▸ PROBLEM
Each line in the material below must be transcribed exactly; no picture belongs in the copy.

*** MATERIALS PROVIDED Section Begins ***

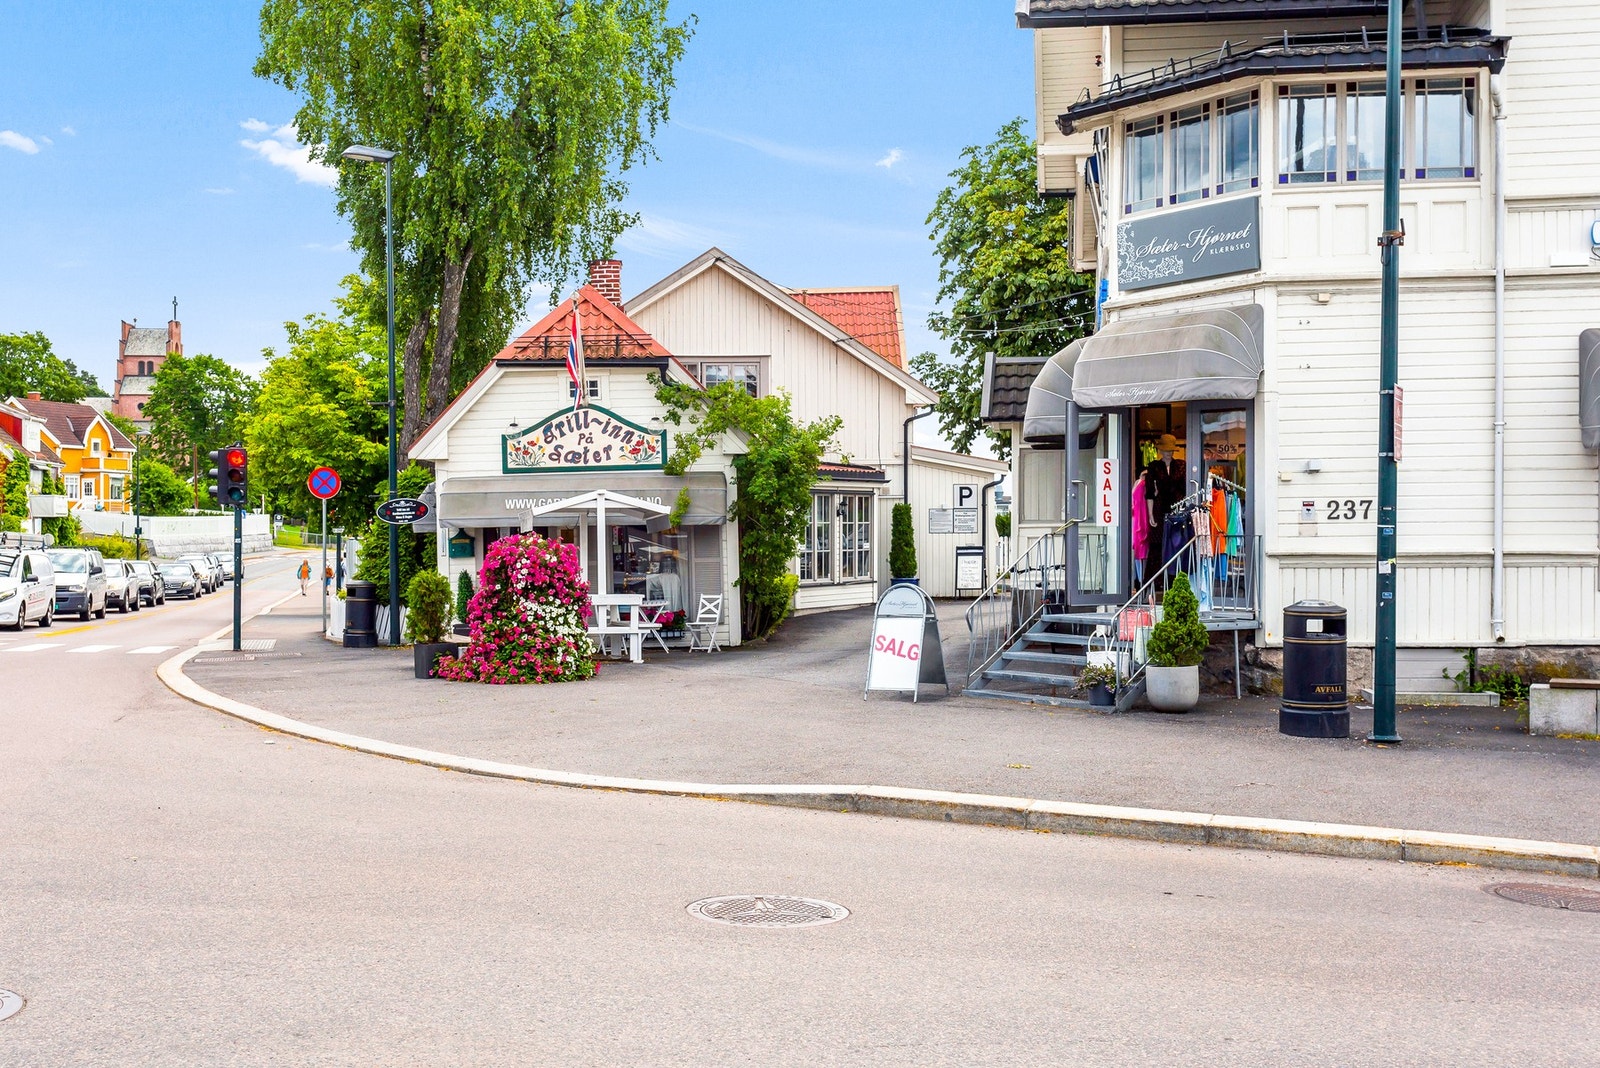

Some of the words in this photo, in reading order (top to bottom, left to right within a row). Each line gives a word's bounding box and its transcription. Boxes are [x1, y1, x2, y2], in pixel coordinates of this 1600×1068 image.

[1218, 444, 1237, 453] 50%
[959, 486, 973, 506] P
[1102, 461, 1113, 524] SALG
[1326, 500, 1373, 520] 237
[875, 634, 920, 661] SALG

*** MATERIALS PROVIDED Section Ends ***

▸ OUTPUT FOR THIS EXERCISE
Some of the words in this photo, in reading order (top to bottom, left to right within a row). Each line gives a word's bounding box and its transcription. Boxes are [x1, y1, x2, y2], in pixel coordinates of this 1600×1068 image.

[1218, 444, 1237, 453] 50%
[959, 486, 973, 506] P
[1102, 461, 1113, 524] SALG
[1326, 500, 1373, 520] 237
[875, 634, 920, 661] SALG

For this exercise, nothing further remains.